See the discussion of effects of current and safe potential control in 1910.269AppC.

Under 1910.269AppC, wood poles are considered conductive because they can absorb moisture and conduct electricity, so employers must either provide a bonded conductive platform or bond the pole with cluster bars placed below and close to the worker's feet.

• Recognize that moisture increases pole conductivity; do not assume a pole is insulating.
• Ensure cluster bars contact the inner, more conductive wood by penetrating to the depth of climbing gaff penetration or use a conductive strap/nail method as described in the appendix.
• Always bond the platform or cluster bar to the grounding cable to create an equipotential zone for the worker.
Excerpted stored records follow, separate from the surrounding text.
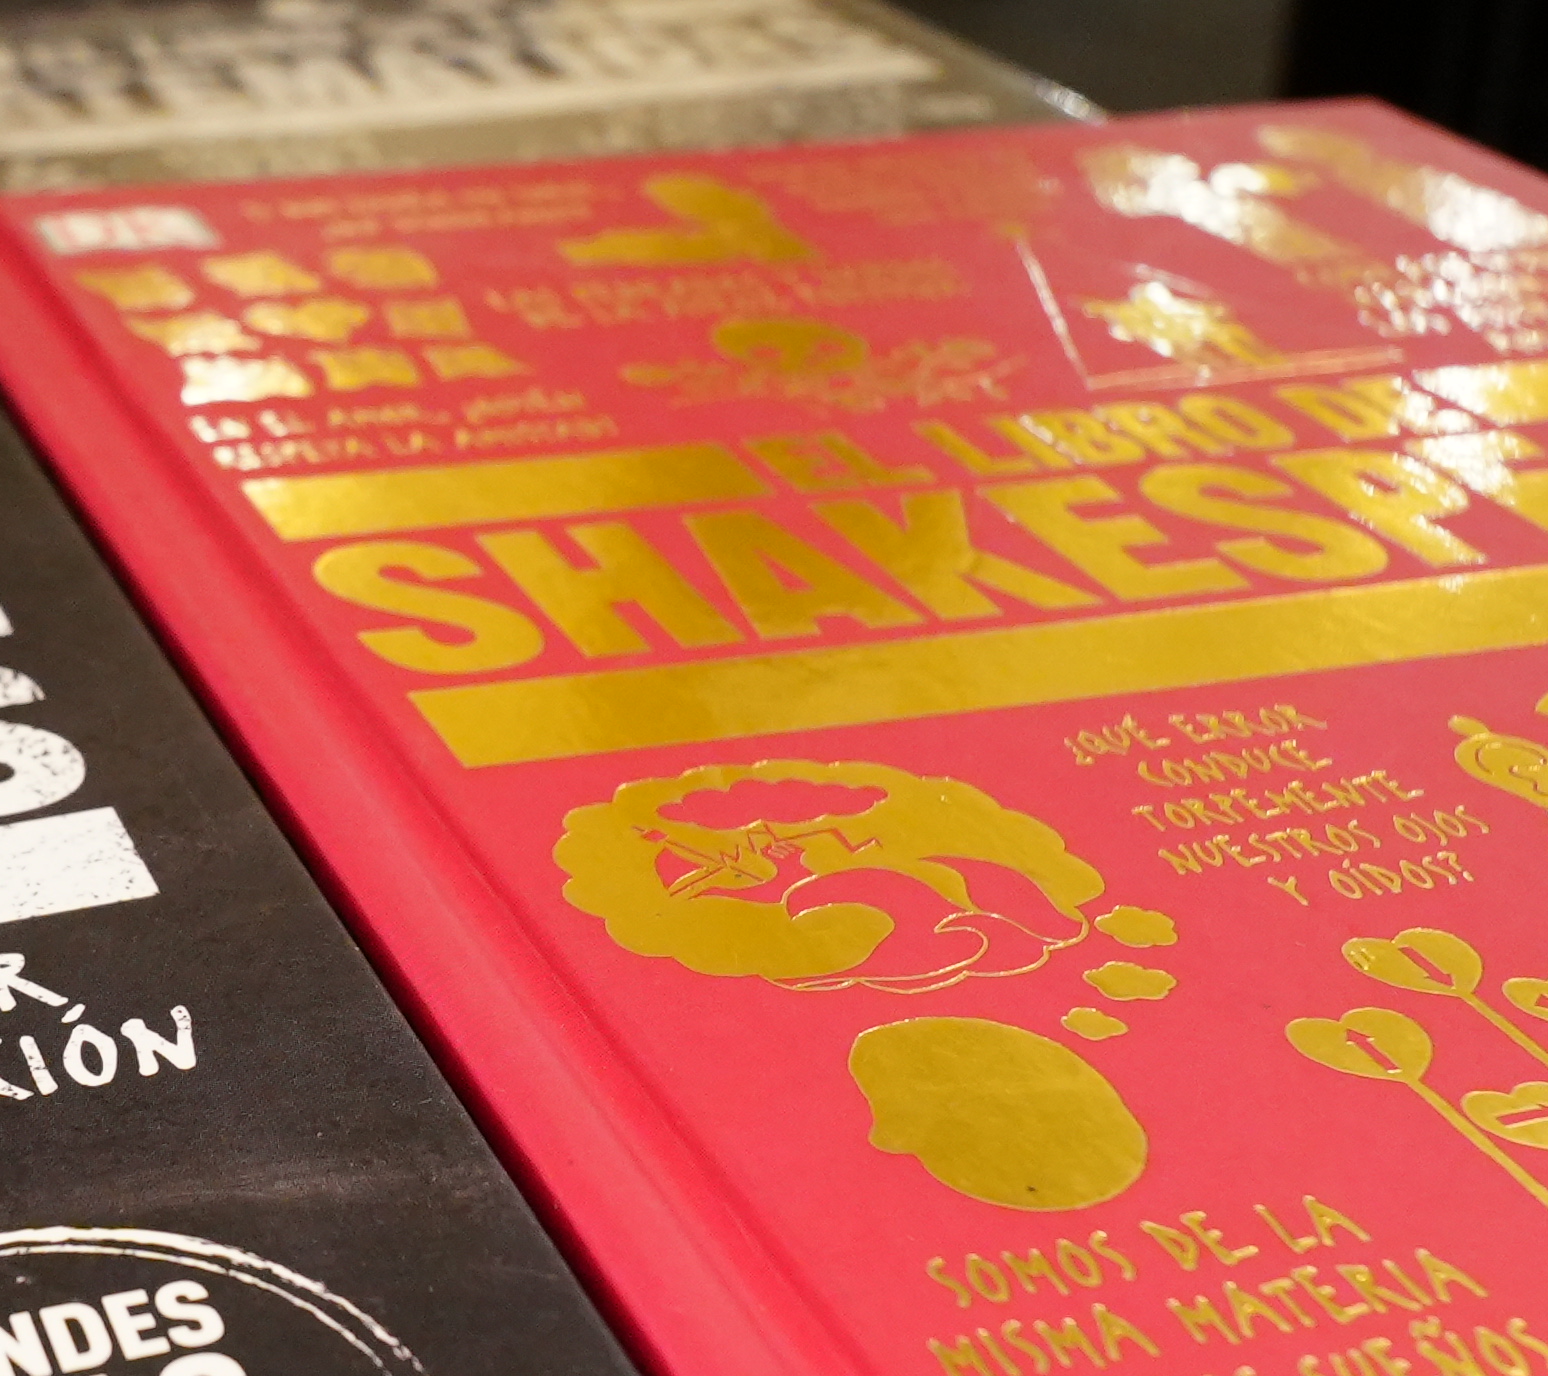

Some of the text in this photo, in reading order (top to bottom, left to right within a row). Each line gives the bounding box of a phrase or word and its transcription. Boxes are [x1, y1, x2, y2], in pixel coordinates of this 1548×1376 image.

[740, 430, 940, 493] EL
[910, 394, 1298, 480] LIBRO
[1187, 702, 1328, 745] ERROR
[1135, 737, 1335, 788] CONDUCE
[1131, 768, 1427, 834] TORPEMENTE
[1157, 803, 1492, 880] NUESTROS OJOS
[1266, 849, 1484, 907] Y OÍDOS?
[926, 1193, 1375, 1309] SOMOS DE LA
[1164, 1246, 1489, 1345] MATERIA
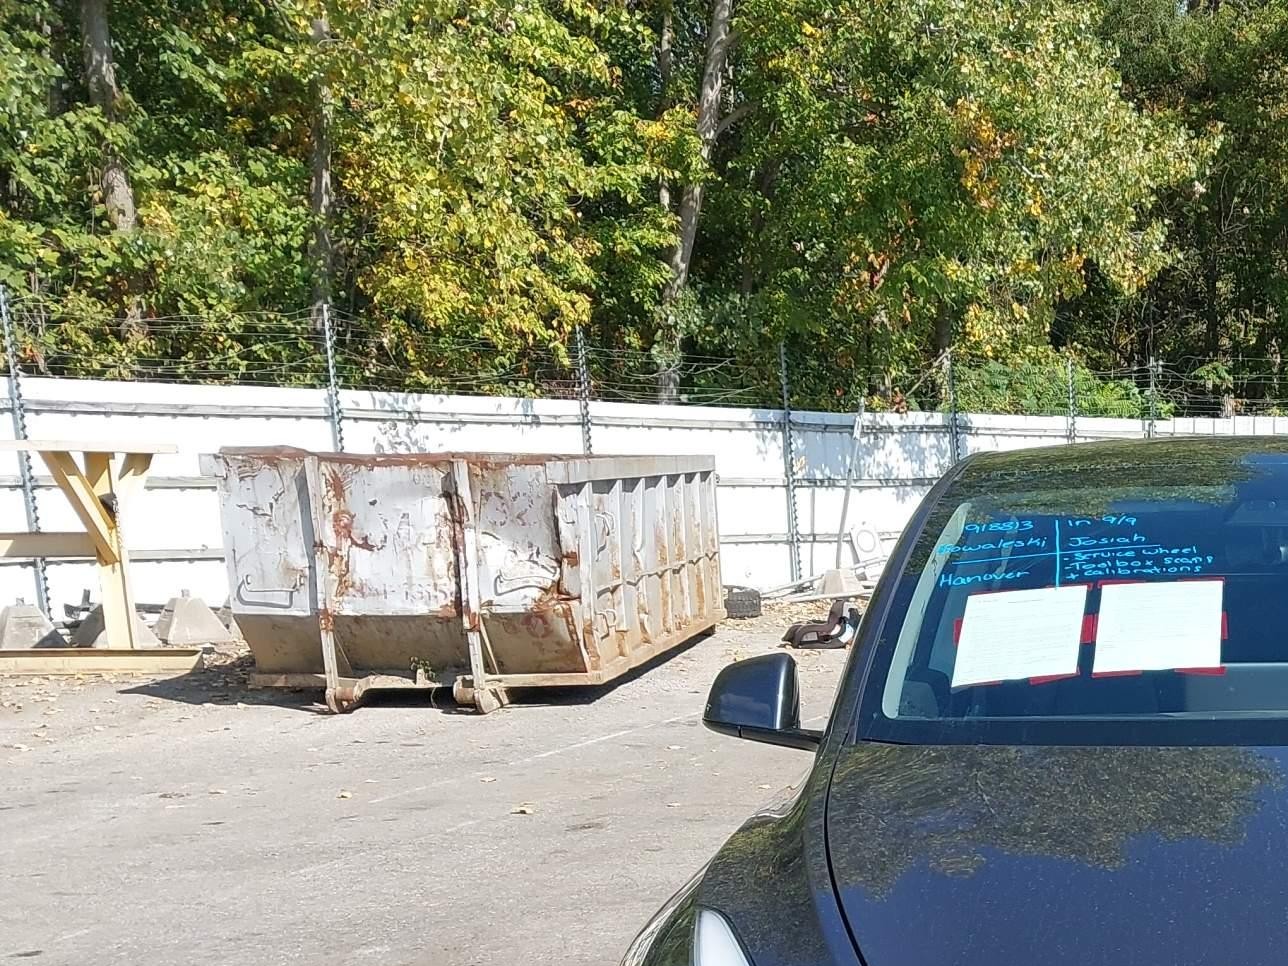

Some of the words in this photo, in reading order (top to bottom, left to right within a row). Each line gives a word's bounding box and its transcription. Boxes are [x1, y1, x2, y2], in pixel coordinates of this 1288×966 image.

[1101, 515, 1137, 526] 9/9
[1068, 533, 1146, 547] Josiah
[1141, 545, 1197, 555] wheel
[940, 570, 1030, 587] Hanover
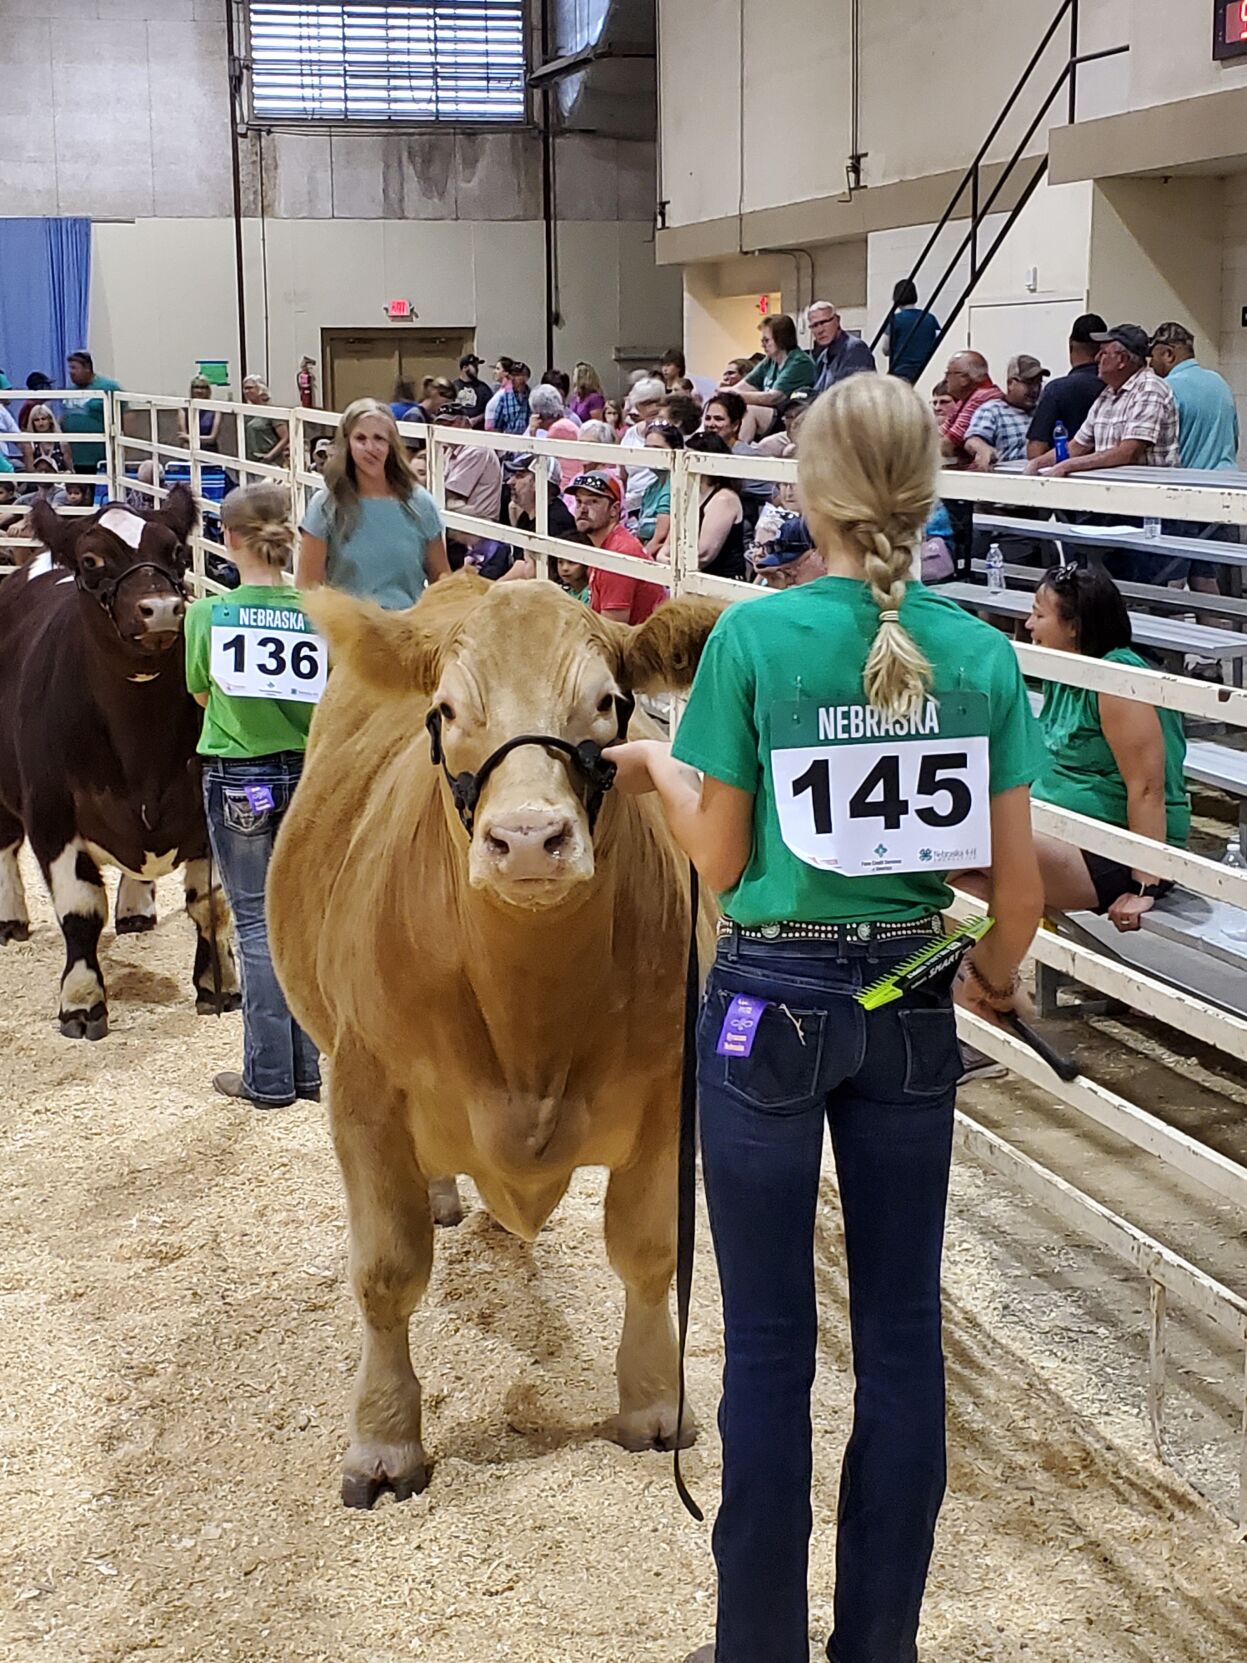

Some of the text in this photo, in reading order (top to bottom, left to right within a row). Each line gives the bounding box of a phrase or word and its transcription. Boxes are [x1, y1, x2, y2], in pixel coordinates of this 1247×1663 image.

[239, 608, 304, 630] NEBRASKA
[222, 634, 319, 680] 136
[792, 752, 972, 834] 145
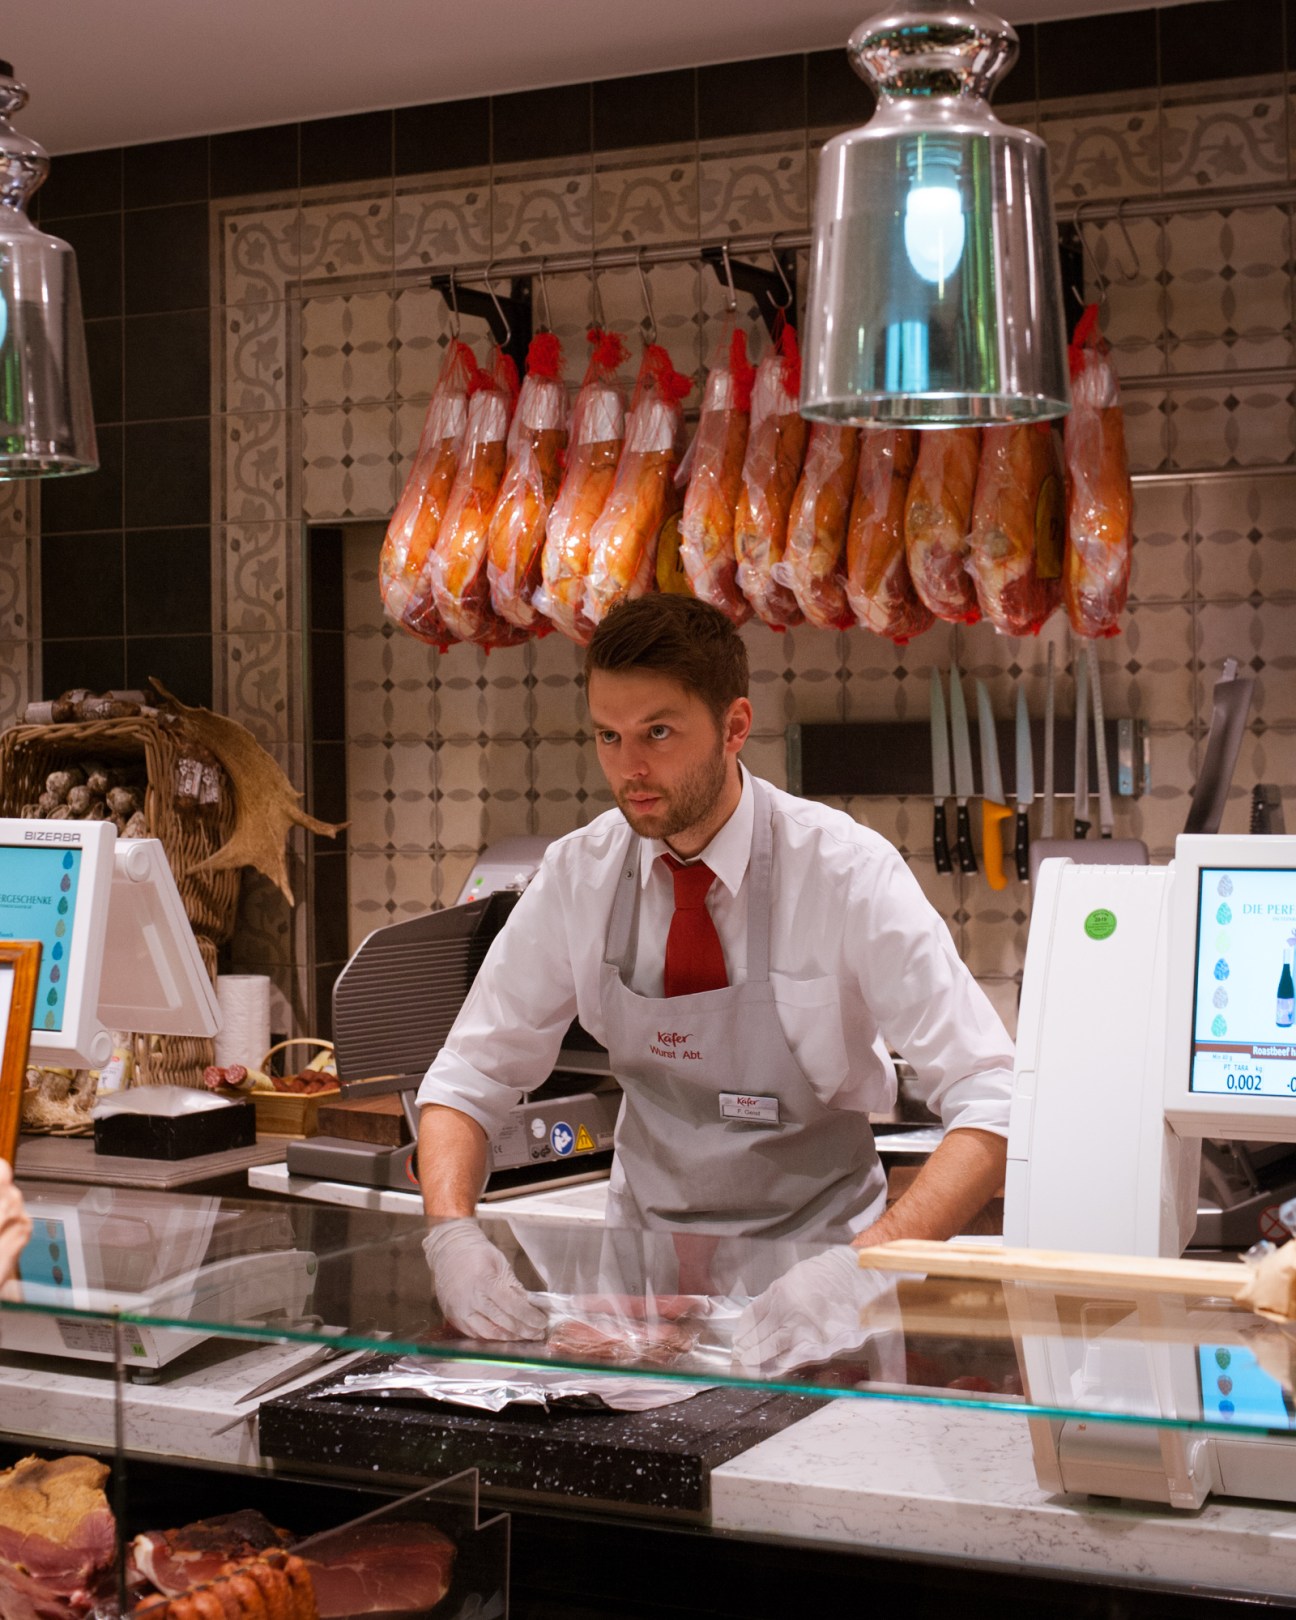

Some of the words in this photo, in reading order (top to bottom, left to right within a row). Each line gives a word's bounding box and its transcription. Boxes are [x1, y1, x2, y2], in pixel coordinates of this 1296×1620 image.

[24, 831, 81, 842] BIZERBA
[1243, 903, 1263, 914] DIE
[657, 1032, 694, 1047] Käfer
[649, 1045, 676, 1059] Wurst
[1252, 1045, 1290, 1056] Roastbeef
[1255, 1065, 1263, 1073] kg
[1226, 1074, 1262, 1092] 0,002
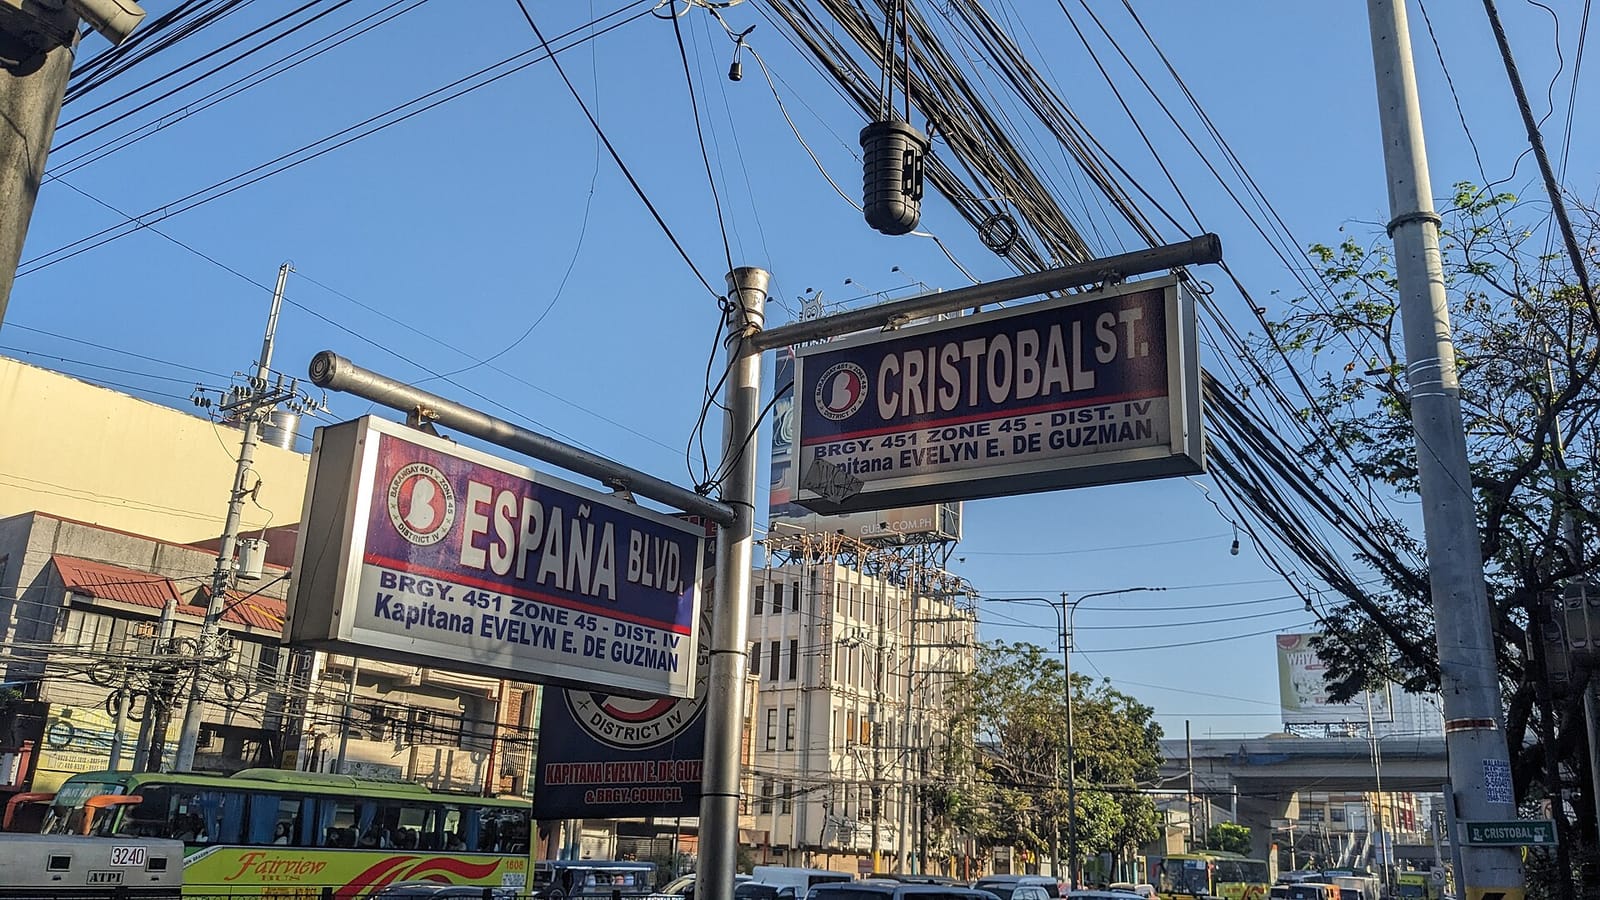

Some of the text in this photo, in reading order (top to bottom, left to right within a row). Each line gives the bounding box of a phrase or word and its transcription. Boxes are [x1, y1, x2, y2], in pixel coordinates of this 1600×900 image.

This guidance is in 1910.269AppC.

Under 1910.269AppC, if a grounding clamp is attached to a corroded or oxidized surface, the employer must clean or otherwise ensure a low-resistance connection because corrosion increases resistance and raises hazardous potential differences.

• Remove corrosion or oxidation at the clamp attachment point and verify a tight mechanical connection.
• If cleaning is impractical, select an alternative attachment point or use a bonding method that guarantees low resistance (e.g., drill and install a penetrating connector when appropriate and safe).
• Reinspect connections regularly and document maintenance to ensure continued effectiveness.

These maintenance and connection quality requirements are emphasized in 1910.269AppC.